Aujourd’hui, la quasi-totalité des paiements numériques en Europe dépend d’entreprises privées et américaines. Visa, Mastercard, PayPal ou Apple Pay… L’accès quotidien à notre argent repose sur des acteurs commerciaux soumis à des pressions politiques étrangères. Ce n’est pas de la fiction. Une décision géopolitique, une sanction ou un conflit commercial pourrait, du jour au lendemain, fragiliser la chaine de paiement.
Face à ce risque, la Banque centrale européenne prépare sa solution : l’euro numérique. L’idée est finalement assez simple Il s’agit de créer une version numérique de l’argent liquide, émise et garantie par une institution publique.
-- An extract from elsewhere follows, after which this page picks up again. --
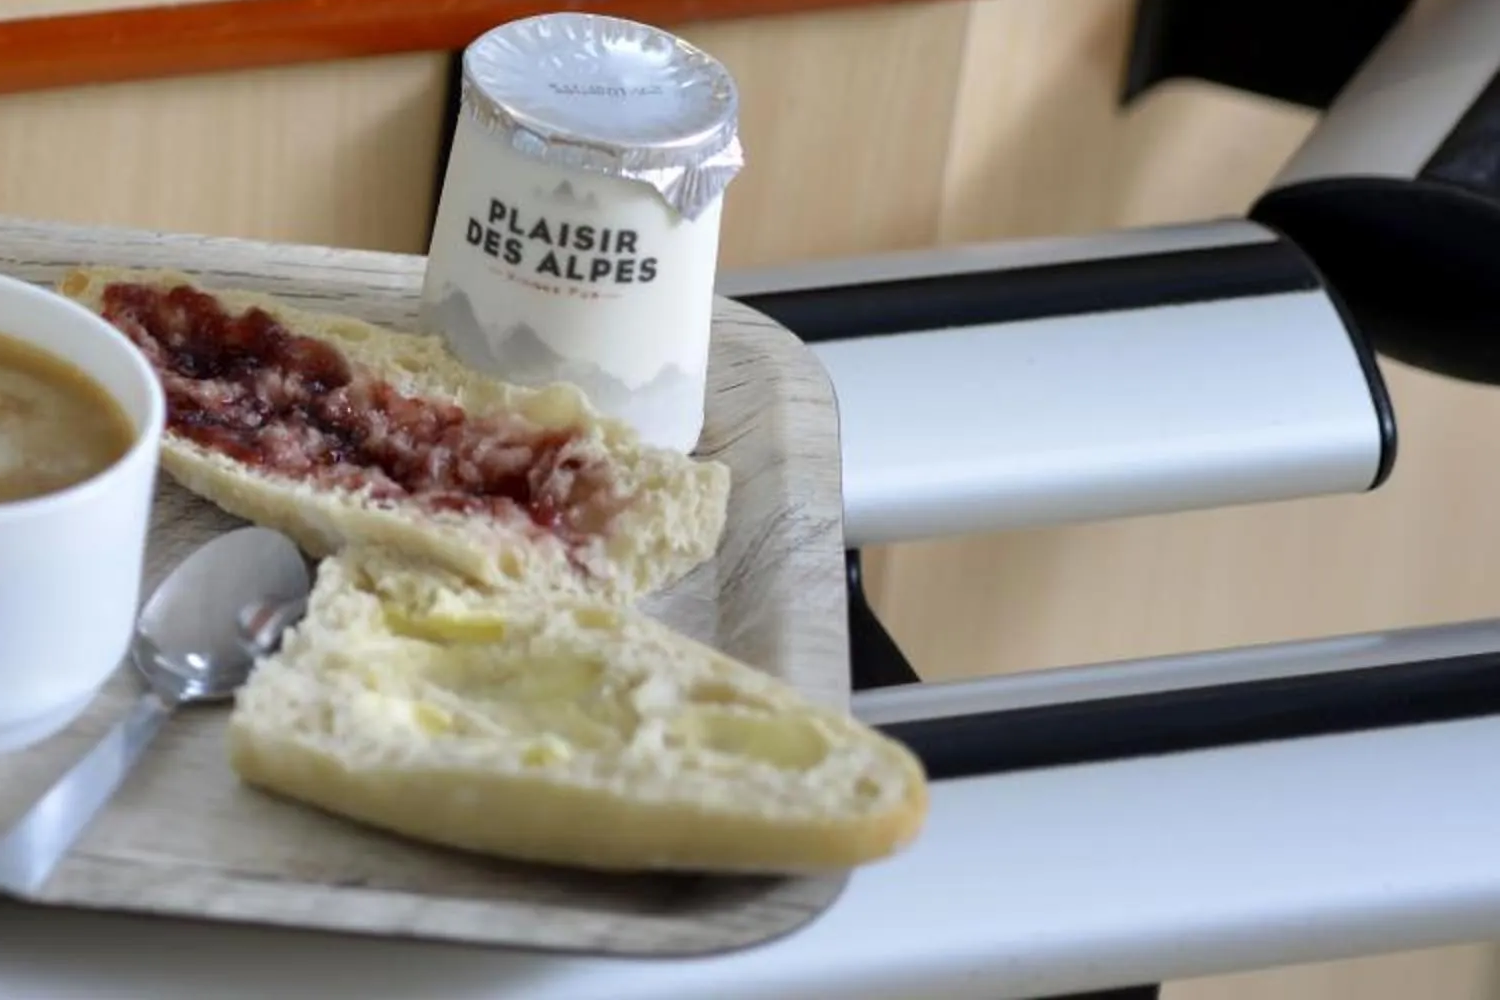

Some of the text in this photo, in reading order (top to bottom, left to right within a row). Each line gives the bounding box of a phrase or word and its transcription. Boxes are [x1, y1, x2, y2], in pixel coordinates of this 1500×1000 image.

Comme les billets, cet euro numérique serait de la monnaie publique, accessible à tou·te·s, utilisable partout, sans dépendre d’un acteur privé. Et ça, ça ne plait aux banques.
Monnaie privée, monnaie publique
Contrairement aux pièces et billets dans notre portefeuille, l’argent que nous avons sur nos comptes n’est pas de la monnaie publique. Il s’agit de monnaie privée, émise par une banque commerciale. Chacun·e d’entre nous utilise couramment les deux types de monnaie. Lorsque nous retirons des billets au distributeur, nous convertissons de la monnaie privée de notre compte à vue en monnaie publique. Lorsque nous déposons des billets sur notre compte à vue, nous transformons de la monnaie publique en monnaie privée. Vous avez confiance en votre banque pour qu’elle vous « rembourse » et, elle, utilise vos dépôts pour accorder des crédits. C’est le cœur de leur modèle économique.
Avec l’euro numérique, une partie des dépôts que vous avez à la banque pourrait être convertie en monnaie publique numérique, un peu comme quand on retire du liquide à un distributeur. Voilà ce qui ne plait pas aux banques : moins de dépôts, c'est moins de ressources bon marché pour financer les crédits et donc moins de profits.
Depuis le lancement du projet, les banques et géants du paiement mènent donc une intense campagne de lobbying pour affaiblir l’euro numérique en utilisant leur arme de prédilection : l’argument de la stabilité financière. En période de crise, les citoyen·ne·s pourraient en effet massivement convertir leurs dépôts en euros numériques, mettant en danger le secteur.
Pour ne pas y perdre leurs précieuses liquidités, les banques ont demandé à ce que la détention d’euro numérique soit limitée à 500 euros par personne, autant dire rien. La Banque centrale européenne parle d’un montant de 3 000 euros, pas grand-chose non plus. À titre de comparaison, si les 346 millions d’habitant·e·s de la zone euro (bébés compris) détenaient un compte en euros numériques de 3 000 euros, le montant total des euros numériques en circulation serait de 1 038 milliards d’euros, soit un peu moins que la valeur totale des billets en euros actuellement en circulation.
Et puis pourquoi créer un euro numérique public, risqué et complexe, alors que le secteur privé européen a déjà construit une solution ? Depuis 2024, plusieurs grandes banques européennes mettent en avant Wero, un système de paiement développé par l’European Payments Initiative (EPI). Techniquement, il permet des paiements instantanés entre particuliers et, à terme, chez les commerçants, via une application bancaire ou mobile. Mais s’il est européen, il reste un système de paiement privé opéré par les grandes banques européennes.